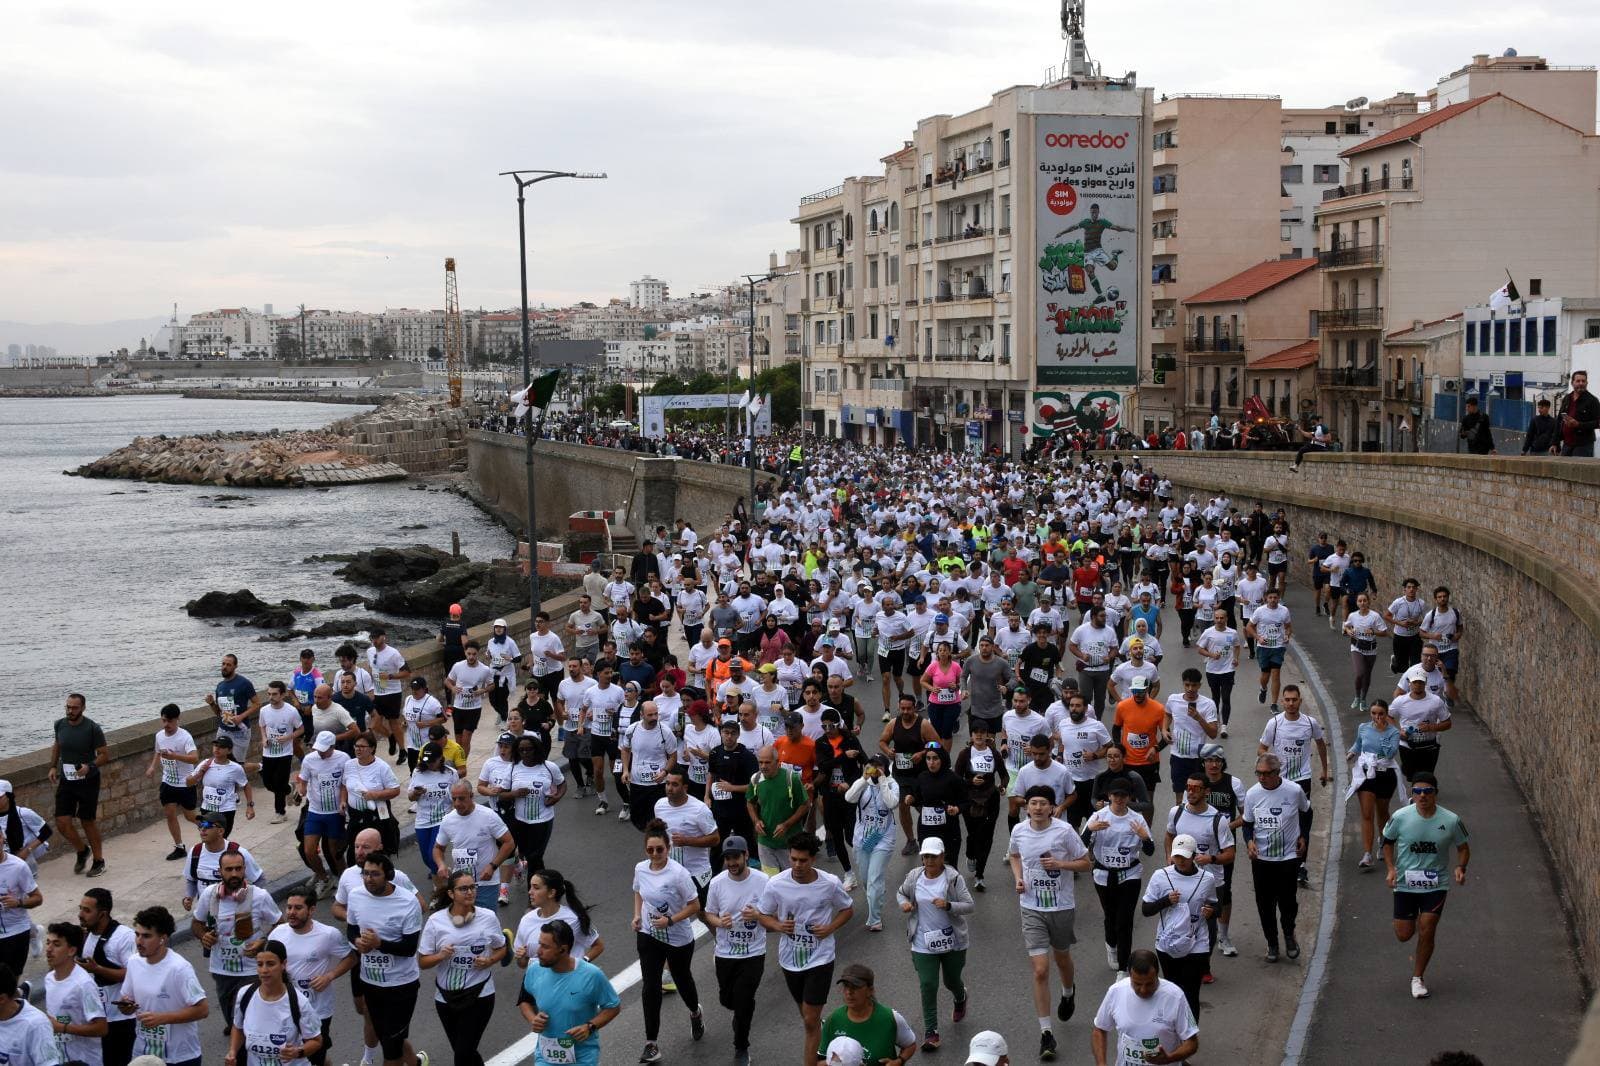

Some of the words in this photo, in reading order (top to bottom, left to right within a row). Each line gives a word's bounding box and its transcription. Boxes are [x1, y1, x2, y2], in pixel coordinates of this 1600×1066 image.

[1045, 130, 1128, 149] ooredoo
[1040, 162, 1082, 174] مولودية
[1084, 163, 1102, 172] SIM
[1081, 177, 1107, 188] gigas
[456, 857, 474, 865] 5977
[1105, 855, 1127, 864] 3743
[1033, 878, 1057, 887] 2865
[729, 930, 753, 939] 3439
[930, 937, 953, 949] 4056
[365, 954, 390, 964] 3568
[453, 956, 476, 965] 482
[251, 1044, 280, 1054] 4128
[546, 1049, 566, 1059] 188
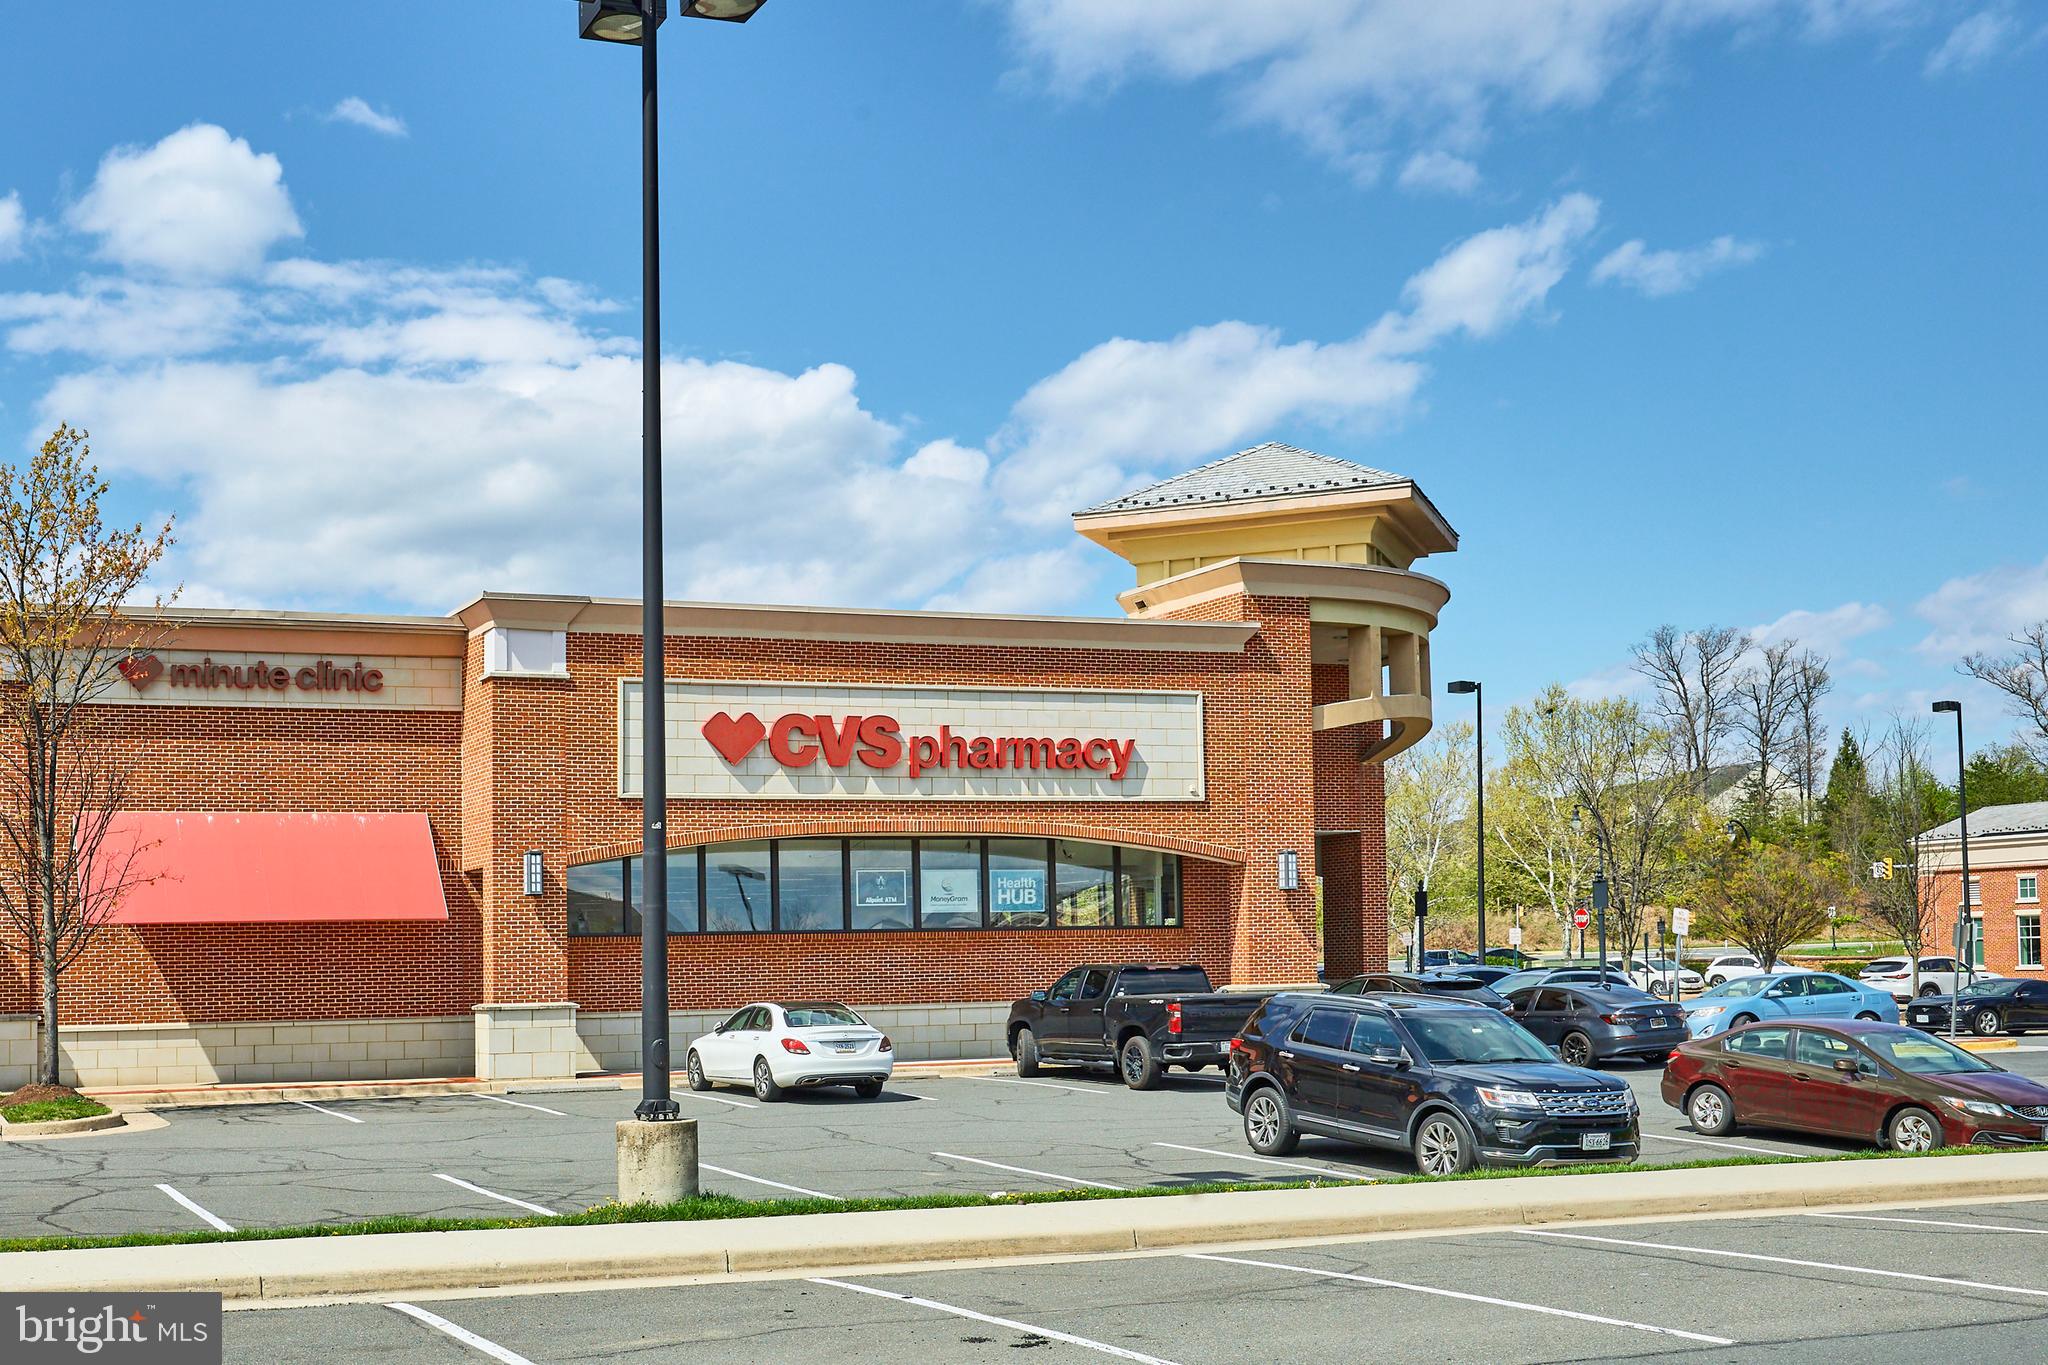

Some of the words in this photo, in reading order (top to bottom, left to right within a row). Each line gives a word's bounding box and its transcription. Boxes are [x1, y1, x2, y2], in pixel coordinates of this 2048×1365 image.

[170, 657, 290, 690] minute
[295, 660, 384, 692] clinic
[769, 713, 900, 768] CVS
[909, 725, 1136, 780] pharmacy
[997, 877, 1036, 888] Health
[997, 889, 1037, 904] HUB
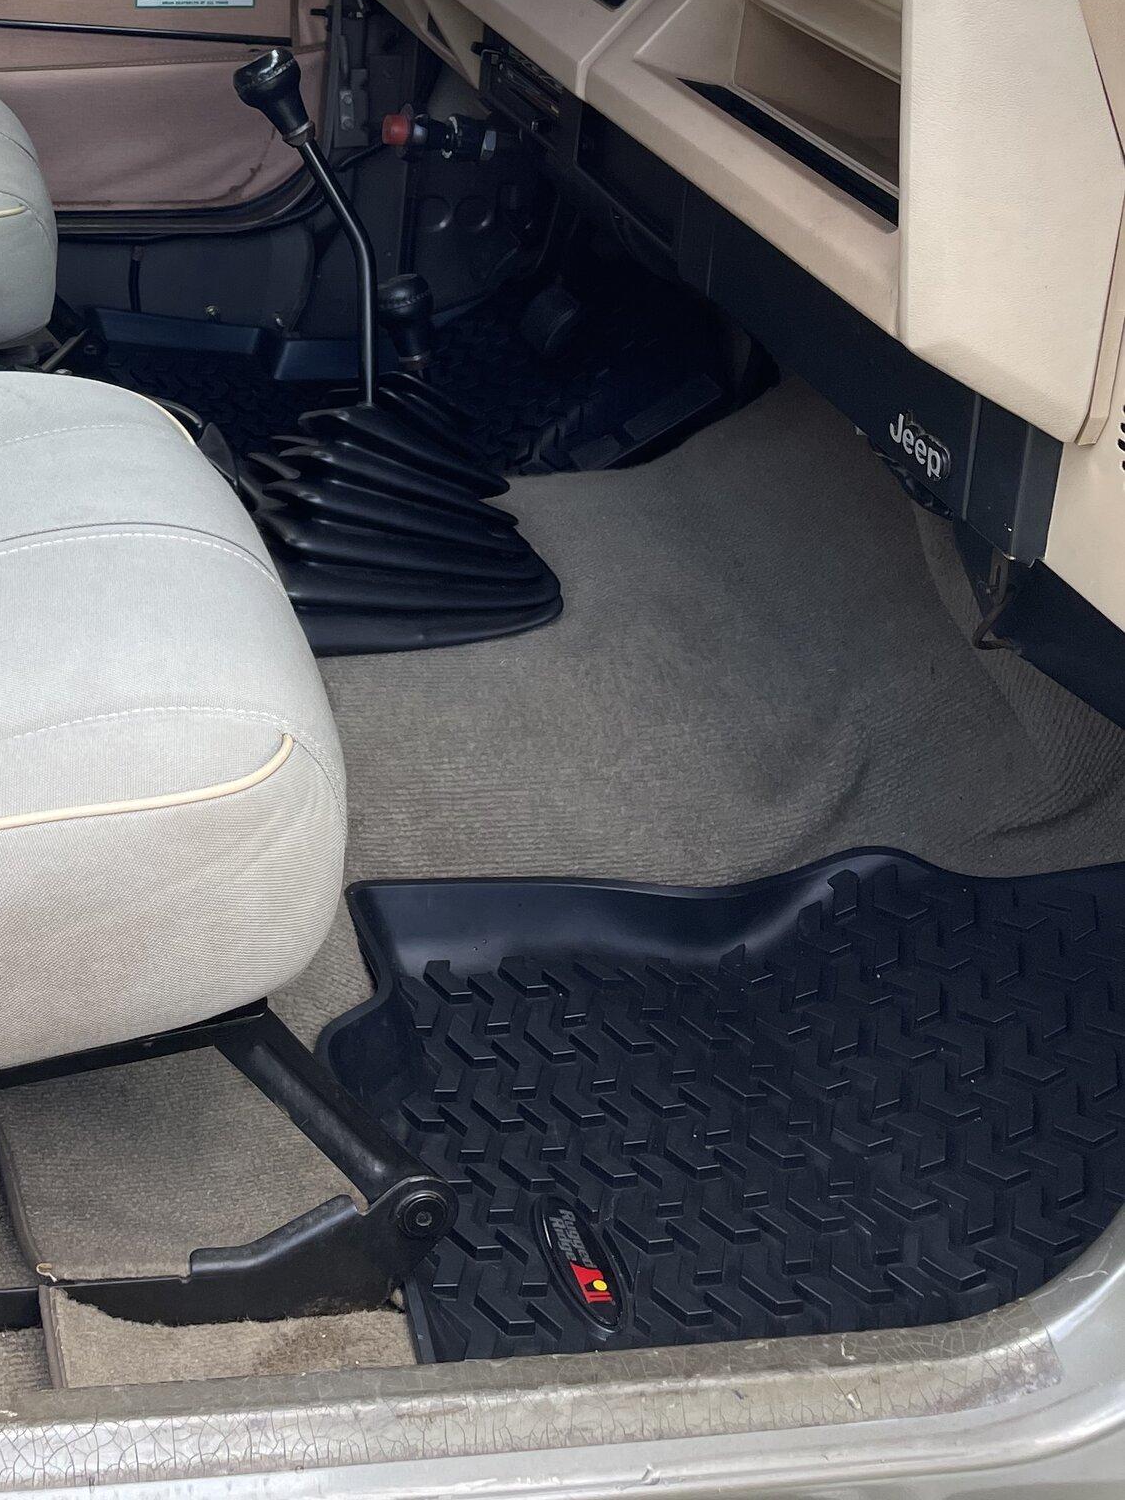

----

■ EXERCISE INSTRUCTIONS:
All lines from the one holding "this 2048×1365 image." through the last line of the records need to be copied exactly, both ends included, and the pictures left behind.

■ ANSWER FOR THIS EXERCISE:
Some of the words in this photo, in reading order (top to bottom, left to right within a row). Each line gives a word's bounding box and its transcription. Boxes are [x1, y1, x2, y2], in pixel coordinates of this 2048×1365 image.

[170, 657, 290, 690] minute
[295, 660, 384, 692] clinic
[769, 713, 900, 768] CVS
[909, 725, 1136, 780] pharmacy
[997, 877, 1036, 888] Health
[997, 889, 1037, 904] HUB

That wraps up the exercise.